WEDU
- Tampa–St. Petersburg, Florida; United States;
- City: Tampa, Florida
- Channels: Digital: 13 (VHF), shared with WEDQ; Virtual: 3;
- Branding: WEDU PBS

Programming
- Affiliations: 3.1: PBS; 3.2: World Channel; 3.3: NHK World-Japan;

Ownership
- Owner: Florida West Coast Public Broadcasting, Inc.
- Sister stations: WEDQ

History
- First air date: October 27, 1958
- Former channel numbers: Analog: 3 (VHF, 1958–2009); Digital: 54 (UHF, until 2009);
- Former affiliations: NET (1958–1970)
- Call sign meaning: Education

Technical information
- Licensing authority: FCC
- Facility ID: 21808
- ERP: 25 kW; 38 kW (CP);
- HAAT: 470.9 m (1,545 ft); 471.9 m (1,548 ft) (CP);
- Transmitter coordinates: 27°50′51.5″N 82°15′49.4″W﻿ / ﻿27.847639°N 82.263722°W

Links
- Public license information: Public file; LMS;
- Website: www.wedu.org

= WEDU =

Television station in Tampa, Florida

WEDU (channel 3) is a PBS member television station licensed to Tampa, Florida, United States, serving the Tampa Bay area. It is owned by Florida West Coast Public Broadcasting alongside WEDQ (channel 3.4). The two stations share studios at the Berkman Family Broadcast Center on North Boulevard in Tampa and transmitter facilities in Riverview, Florida.

WEDU began broadcasting on October 27, 1958, as a service to regional schools. During the day, it aired local and national educational programs for telecast in schools, while programs for adults from National Educational Television were telecast in the evenings. The station flourished over the course of the 1960s as schools' use of its programming grew rapidly; in the early 1970s, it suffered as some of that support was reduced. In early 1980, WEDU moved to its present, purpose-built facility on North Boulevard, abandoning its original studios, a surplus United States Navy power plant in dilapidated condition.

In 1984, WEDU proposed to switch channels with WTOG-TV (channel 44), a commercial independent station. The proposed deal with WTOG-TV's owner, Hubbard Broadcasting, would have moved WEDU to channel 44 and given it nearly $50 million in cash and incentives; Hubbard sought channel 3 for WTOG-TV so it could shed the stigma of being a UHF station and achieve parity with the region's three VHF network affiliates. The deal sparked a sharp local and national reaction as other commercial and public broadcasters decried the proposal. It was eventually barred by a clause inserted into the Federal Communications Commission budget by Congress. WEDU and Hubbard ultimately reached an understanding that moved channel 3's transmitter to WTOG-TV's tower, replacing its outdated, failing facility.

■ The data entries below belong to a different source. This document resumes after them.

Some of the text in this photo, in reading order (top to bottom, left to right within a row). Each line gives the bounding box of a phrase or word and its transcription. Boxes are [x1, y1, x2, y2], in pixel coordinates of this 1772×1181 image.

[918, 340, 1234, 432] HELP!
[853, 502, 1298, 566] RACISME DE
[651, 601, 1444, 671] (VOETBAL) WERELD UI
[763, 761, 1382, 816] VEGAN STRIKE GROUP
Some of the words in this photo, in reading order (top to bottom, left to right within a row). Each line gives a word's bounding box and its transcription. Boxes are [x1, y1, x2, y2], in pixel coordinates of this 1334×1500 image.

In the 1990s, WEDU grew its stature in national programming production but failed to find promised revenue in the sector; the ten-year management tenure of Steve Rogers ended with layoffs of nearly a third of the station's staff amid a downturn in viewer contributions. Dick Lobo, a retired broadcast executive, came out of retirement to run the station and succeeded in improving its corporate underwriting and financial reputation. In 2017, WEDU absorbed the license and programming that had been associated with competing public station WUSF-TV, owned by the University of South Florida, when the university sold its spectrum. WEDU produces local public affairs and cultural programming focused on the Tampa Bay area.

==History==
===Early years===
The Federal Communications Commission (FCC) allocated channel 3 to Tampa, Florida, for educational broadcasting in 1952. As early as the following year, regional education leaders from five area counties—Hillsborough, Manatee, Pinellas, Polk, and Sarasota—came together to incorporate the Florida West Coast Educational Television Corporation. State legislators representing the area refused to back the plan, finding it variously premature and expensive.

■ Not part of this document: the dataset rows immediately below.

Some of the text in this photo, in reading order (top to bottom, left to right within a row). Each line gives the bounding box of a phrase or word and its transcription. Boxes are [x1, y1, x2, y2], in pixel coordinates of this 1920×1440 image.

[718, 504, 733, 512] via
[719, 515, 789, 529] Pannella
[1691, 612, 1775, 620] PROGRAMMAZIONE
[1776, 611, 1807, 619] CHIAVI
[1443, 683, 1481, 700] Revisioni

The organization was reformed in 1955. By 1956, pressure from groups who sought channel 3 for commercial use was spurring action. In March, a meeting was held by Tampa mayor Curtis Hixon, at which Tampa radio station WTSP—owned by the St. Petersburg Times newspaper—reiterated its offer of a tower site if necessary. As planning began in earnest in Tampa, Gene Dyer, permittee of the unbuilt UHF station WTVI at Fort Pierce, Florida, proposed to have channel 3 moved there for his use. This heightened the urgency to convey to the FCC that there was interest in keeping channel 3 as an educational channel in Tampa. A steering committee was formed to spearhead a fundraising drive, and plans were more definite by January 1957, with leadership chosen and contributions from Tampa's two existing commercial stations, WFLA-TV (channel 8) and WTVT (channel 13).

A second group took an interest in using channel 3 for commercial use. WSUN-TV (channel 38) in St. Petersburg offered to swap channel 38 for channel 3, seeking parity with its commercial competitors and claiming that Florida West Coast Educational Television could get on the air earlier from the existing channel 38. The offer was rebuffed, but the two groups were now racing to see who would file first at the FCC.

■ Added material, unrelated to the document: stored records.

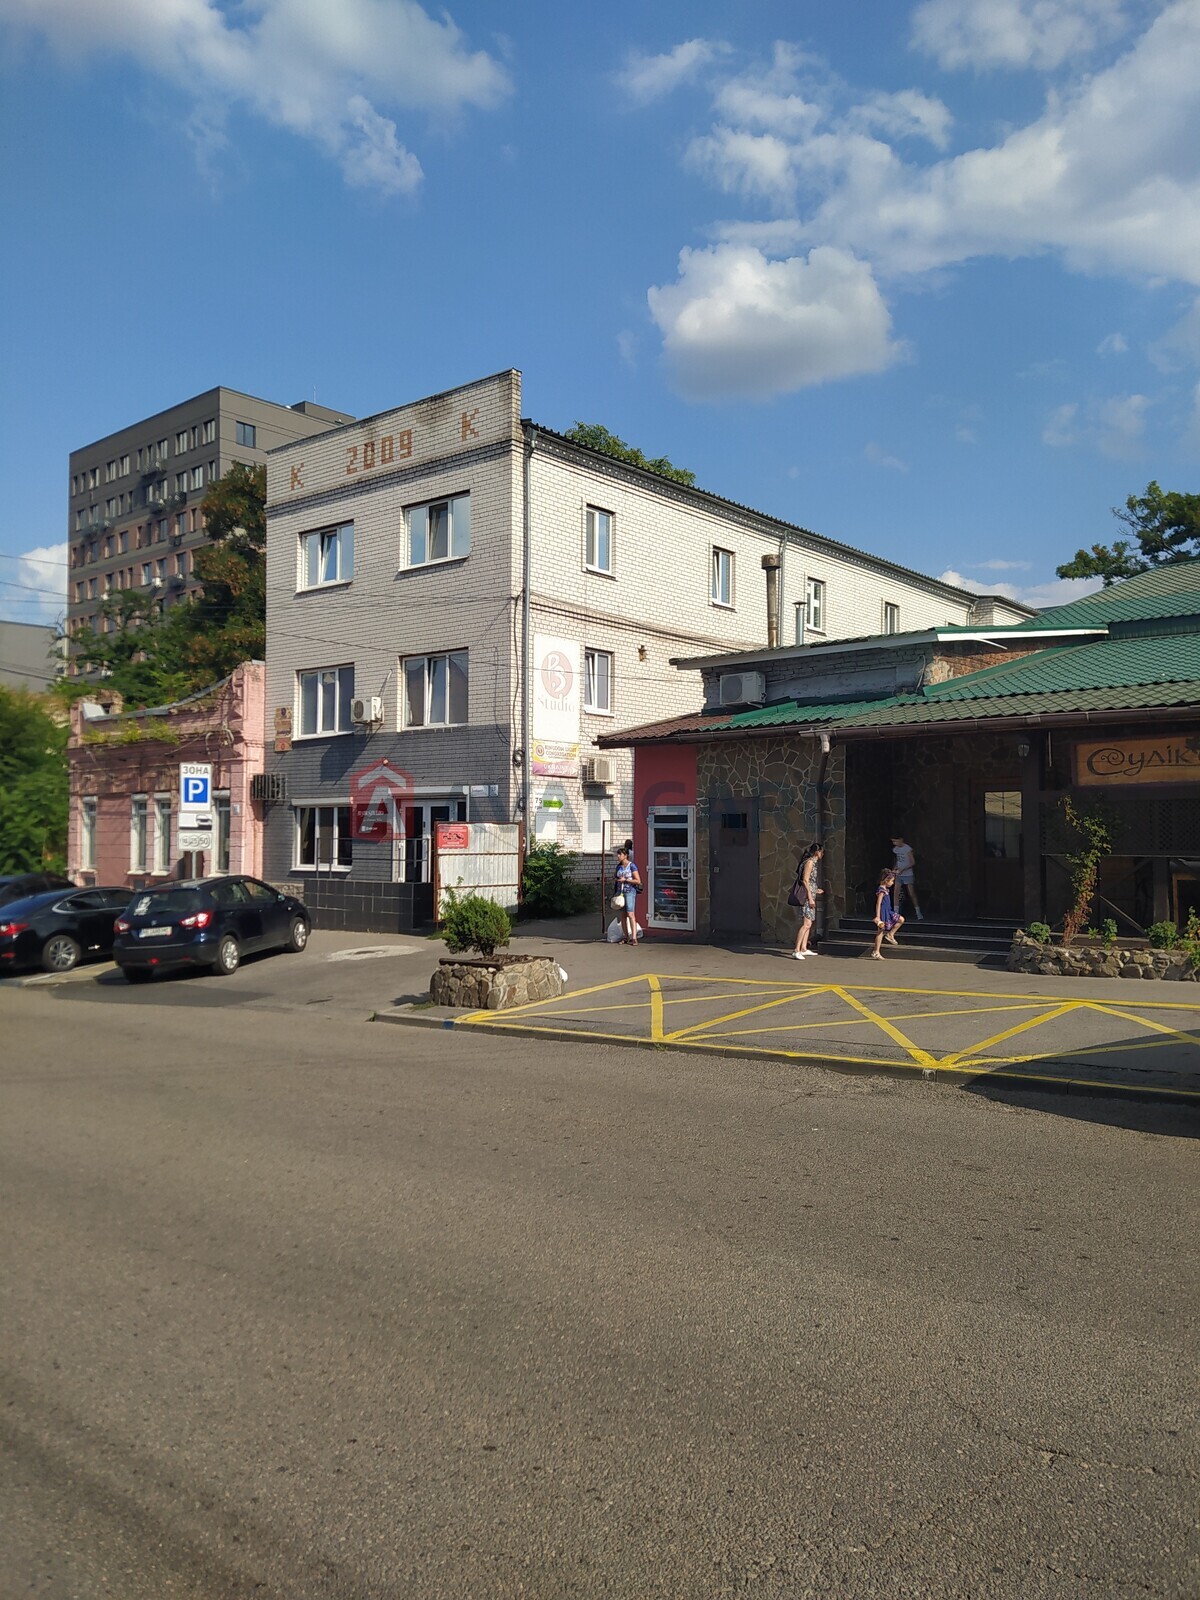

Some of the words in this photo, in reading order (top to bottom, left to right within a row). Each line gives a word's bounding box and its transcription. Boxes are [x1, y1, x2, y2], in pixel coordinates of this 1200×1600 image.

[346, 428, 413, 475] 2009
[537, 693, 576, 713] Studio
[182, 766, 209, 775] ЗОНА
[1086, 745, 1200, 776] Сулік
[188, 779, 204, 801] P
[199, 837, 208, 845] 50

Florida West Coast Educational Television applied on April 5, 1957, for channel 3. In expectation of getting the construction permit, the station began organizing program proposals and contacting regional school superintendents to solicit ideas for educational telecasts. The permit was granted by the FCC on September 19, 1957, and Florida West Coast Educational Television announced that their station would have studios in St. Petersburg and Tampa and would begin fundraising drives in both areas. Briefly called WFCE in the local press, it was WEDU by November, when planning began for station programming. For its Tampa studios, WEDU moved into a former Navy power plant on 20th Street, on land that had been deeded to the Hillsborough County school board. The facility had high enough ceilings to accommodate a television studio with little conversion. To help raise funds, a dinner was held, featuring Governor LeRoy Collins among its guests. In August, courses and teachers were announced, with contributions from multiple counties in the channel 3 coverage area. On weekends, WTVT trained staff members in television production.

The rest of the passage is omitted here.